## Activity
Each line of the records needs to be written out exactly, with any image left out.

[Spatial localization data]

↓↓↓

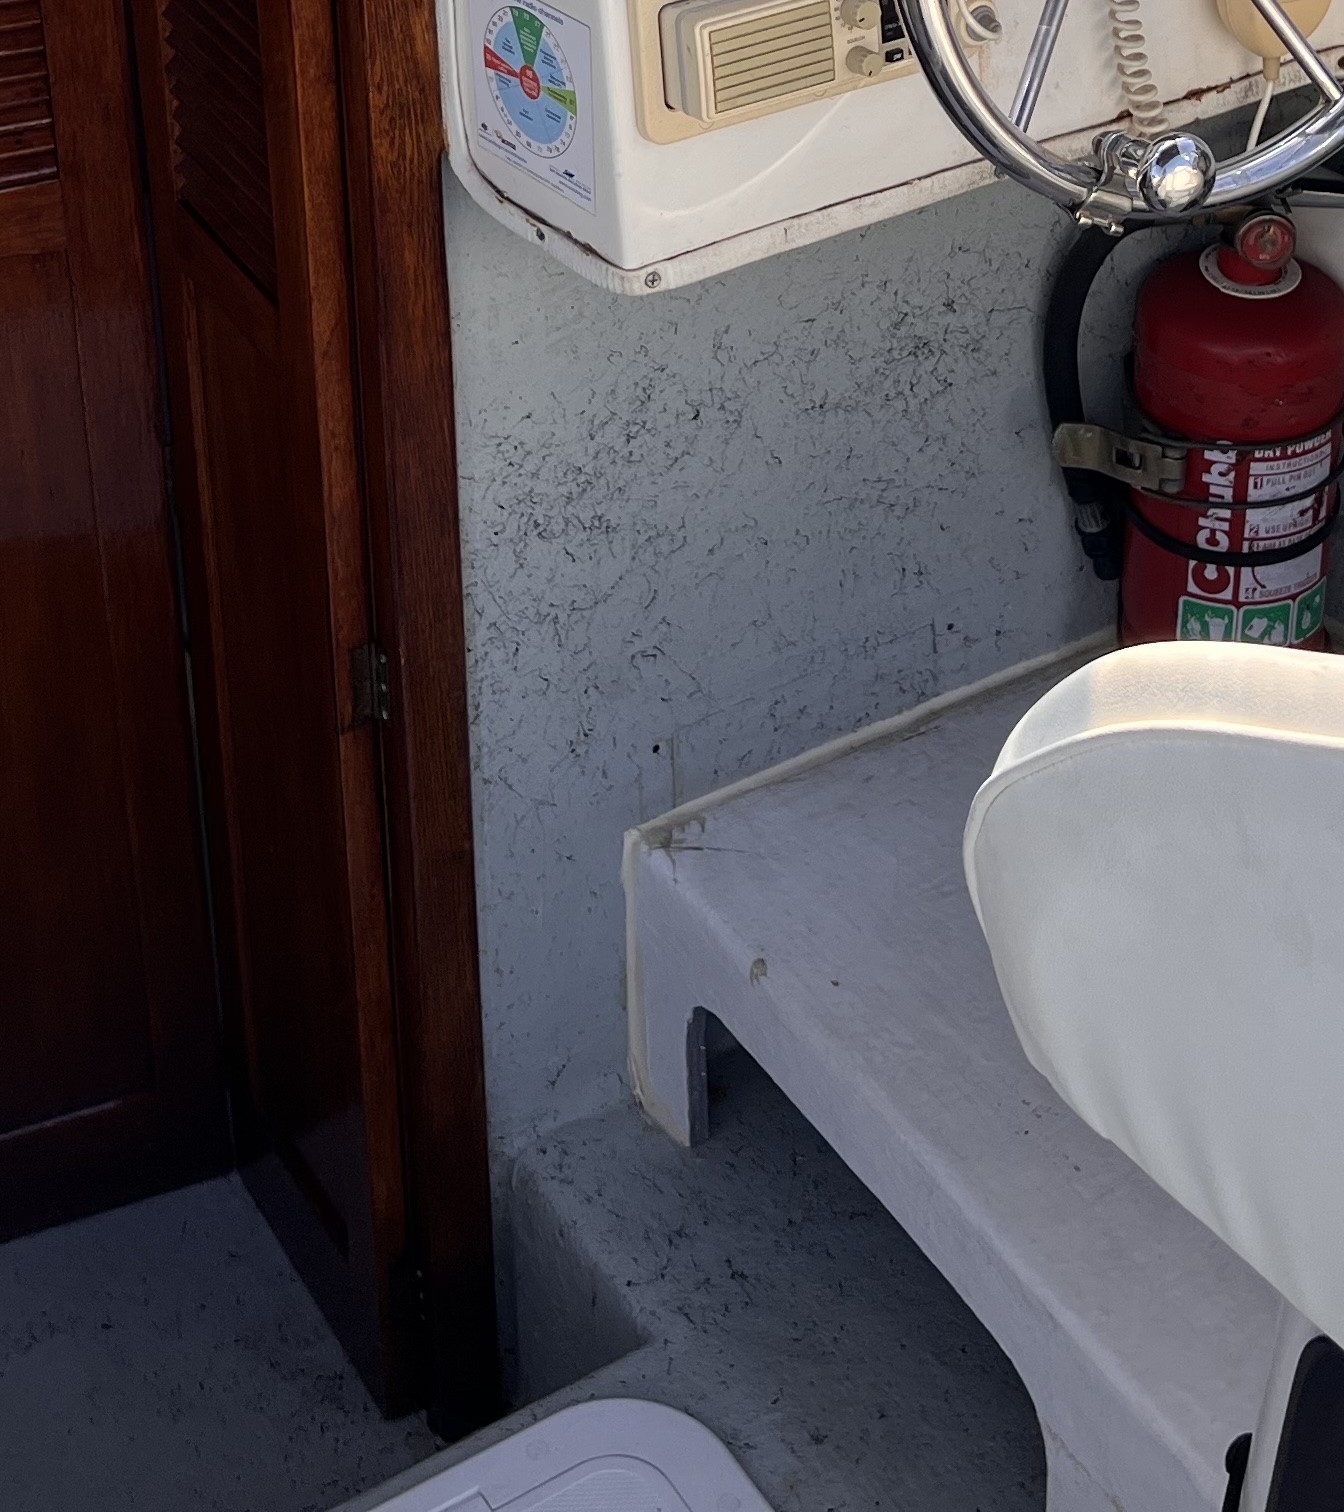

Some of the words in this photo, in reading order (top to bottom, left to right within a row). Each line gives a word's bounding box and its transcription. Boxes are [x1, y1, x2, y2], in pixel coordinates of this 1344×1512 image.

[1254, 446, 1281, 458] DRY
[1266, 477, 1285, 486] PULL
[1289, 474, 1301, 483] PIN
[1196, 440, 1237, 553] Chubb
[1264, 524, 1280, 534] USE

↑↑↑

## Solution for this task
Some of the words in this photo, in reading order (top to bottom, left to right within a row). Each line gives a word's bounding box and its transcription. Boxes are [x1, y1, x2, y2], in pixel coordinates of this 1344×1512 image.

[1254, 446, 1281, 458] DRY
[1266, 477, 1285, 486] PULL
[1289, 474, 1301, 483] PIN
[1196, 440, 1237, 553] Chubb
[1264, 524, 1280, 534] USE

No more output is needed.